When his Nintendo Wii flew across the room and hit his collection of South Park dolls that’s the moment writer-director Nicolás López realized that a major earthquake was hitting his Chilean homeland. During the Q&A portion that followed the U.S. premiere of his latest film Aftershock, López recounted the 8.8 magnitude quake that hit Valparaiso in 2010 and the tsunami that wiped out more than one thousand residents. He was working on a romantic comedy at the time when the South American country was rocked by the massive earthquake.

Flash forward two years and the arrival of Aftershock. The film marks López’s English-language debut – he was so excited that the title card had “Directed by Nicolás López” as opposed to having the words “Una pelicula de Nicolás López.” It’s a disaster flick that explores the horror and wickedness of what happens to friends and acquaintances that are spending their holiday visiting Santiago and Valparaiso.

Borrowing from the 2010 quake, Aftershock recreates some of the events, including a nightclub incident where one of the patrons actually lost both hands, the result of falling concrete and overturned cabinetry. But don’t mistake this for some Hollywood-stylized docudrama, the type we’re likely to get once the eventual trapped Chilean Miners film gets made. Nope, López’s film has a trashy quality that would make Roger Corman proud. That famed producer made a career in aping popular films of the time but with his trademark B-movie aesthetic.

During the Fantastic Fest Q&A López pointed out that the special effects driven films of the 1970s look better than most made in the mid-‘90s simply because of practical effects vs. digital effects. It’s why science-fiction films like 2001: A Space Odyssey and Blade Runner stand the test of time as opposed to something like Johnny Mnemonic or Freejack. So rather than take his cues from Roland Emmerich’s “Disaster Porn Trilogy” (Independence Day, The Day After Tomorrow, and 2012), López’s micro-budget disaster flick has more in common with disaster-thrillers Earthquake and The Towering Inferno.

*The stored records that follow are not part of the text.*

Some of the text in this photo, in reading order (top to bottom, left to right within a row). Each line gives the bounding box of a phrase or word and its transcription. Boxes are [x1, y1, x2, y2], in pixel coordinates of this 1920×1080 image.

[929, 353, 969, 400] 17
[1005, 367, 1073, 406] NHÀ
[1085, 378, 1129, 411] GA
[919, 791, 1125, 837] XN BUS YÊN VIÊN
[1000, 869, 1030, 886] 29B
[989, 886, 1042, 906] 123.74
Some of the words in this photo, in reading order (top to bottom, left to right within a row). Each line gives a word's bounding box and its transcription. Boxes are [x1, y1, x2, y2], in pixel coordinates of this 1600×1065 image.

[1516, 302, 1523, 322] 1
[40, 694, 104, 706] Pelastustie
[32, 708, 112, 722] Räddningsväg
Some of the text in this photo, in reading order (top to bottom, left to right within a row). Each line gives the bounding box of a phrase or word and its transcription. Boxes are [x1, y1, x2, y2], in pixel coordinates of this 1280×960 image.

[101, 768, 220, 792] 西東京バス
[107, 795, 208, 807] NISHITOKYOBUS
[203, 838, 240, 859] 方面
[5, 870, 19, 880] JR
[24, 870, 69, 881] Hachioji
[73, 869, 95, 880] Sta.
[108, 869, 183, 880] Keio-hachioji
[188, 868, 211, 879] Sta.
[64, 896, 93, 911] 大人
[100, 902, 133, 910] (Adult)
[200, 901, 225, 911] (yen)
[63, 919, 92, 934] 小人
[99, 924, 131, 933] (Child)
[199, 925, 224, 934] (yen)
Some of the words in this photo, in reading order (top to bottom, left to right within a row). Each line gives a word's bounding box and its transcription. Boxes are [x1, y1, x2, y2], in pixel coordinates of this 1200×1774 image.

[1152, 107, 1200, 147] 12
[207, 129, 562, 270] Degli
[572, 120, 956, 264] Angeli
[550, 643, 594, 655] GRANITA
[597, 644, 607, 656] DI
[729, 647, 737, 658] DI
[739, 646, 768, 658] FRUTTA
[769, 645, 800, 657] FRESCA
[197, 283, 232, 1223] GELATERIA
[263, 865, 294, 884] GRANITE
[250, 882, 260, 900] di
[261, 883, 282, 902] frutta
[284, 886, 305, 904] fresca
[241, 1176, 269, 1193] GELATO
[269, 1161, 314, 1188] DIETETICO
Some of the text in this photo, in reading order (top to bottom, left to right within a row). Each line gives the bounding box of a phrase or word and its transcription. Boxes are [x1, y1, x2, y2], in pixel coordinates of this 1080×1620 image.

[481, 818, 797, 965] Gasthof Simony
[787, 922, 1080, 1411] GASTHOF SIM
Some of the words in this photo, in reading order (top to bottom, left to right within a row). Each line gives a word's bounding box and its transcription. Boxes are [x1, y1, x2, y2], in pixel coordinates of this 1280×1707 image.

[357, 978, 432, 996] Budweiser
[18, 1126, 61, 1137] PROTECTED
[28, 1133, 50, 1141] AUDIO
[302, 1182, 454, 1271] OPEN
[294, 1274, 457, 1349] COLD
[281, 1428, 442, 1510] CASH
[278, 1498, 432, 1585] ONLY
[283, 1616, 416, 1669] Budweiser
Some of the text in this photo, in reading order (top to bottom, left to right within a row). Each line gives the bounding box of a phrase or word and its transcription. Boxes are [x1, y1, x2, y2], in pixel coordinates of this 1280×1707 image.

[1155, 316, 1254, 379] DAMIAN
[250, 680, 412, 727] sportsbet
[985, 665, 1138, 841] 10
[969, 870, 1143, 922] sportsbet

Working with an acting ensemble that López has directed numerous times before in films like Santos and Fuck My Life, Aftershock has Eli Roth as its topline talent. Roth, who produced and also co-wrote the script with López and Guillermo Amoedo, has a working knowledge of tasteless cinema having helmed Cabin Fever and Hostel. But as an actor his biggest role has been that of the Jewish batman in Quentin Tarantino’s Inglourious Basterds. He plays Gringo, a dimwitted American tourist visiting friends in Chile. Judging from his wardrobe he’s either a single father who has been out of the dating scene for a long time, or he inherited Danny Tanner’s closet from Full House.

Rather than play with horror conventions that most audiences would expect – like having a death occur in the opening scene – López takes his time in introducing the protagonists before getting to the disaster-horror portion of the proceedings. During the first thirty minutes we see Gringo and his two friends, Ariel (Ariel Levy) and Pollo (Nicolas Martinez), navigating the party scene looking for obtainable tail. Ariel is a bachelor still hung up on the ex-girlfriend that cheated on him twice. Pollo could best be described as a Chilean Zach Galifianakis. As the three friends hop from party to party, club scene to club scene, they look to get laid with the lowest degree of difficulty as possible. Not helping Gringo is his arsenal of some of the worst pick-up lines imaginable. And Ariel is more fascinated with trolling his ex’s Twitter feed. Lucky for them, then, a multinational femme trio makes its appearance known – California Kyle (Lorenza Izzo); her more sensible half-sister from Hungary (Andrea Osvart, looking like she could pass as Carey Mulligan’s twin); and their fun-loving Russian model friend Irina (Natasha Yarovenko). After enjoying an afternoon of sightseeing, the six go to an exclusive dance party that night, then all hell breaks loose when the ground starts to rumble.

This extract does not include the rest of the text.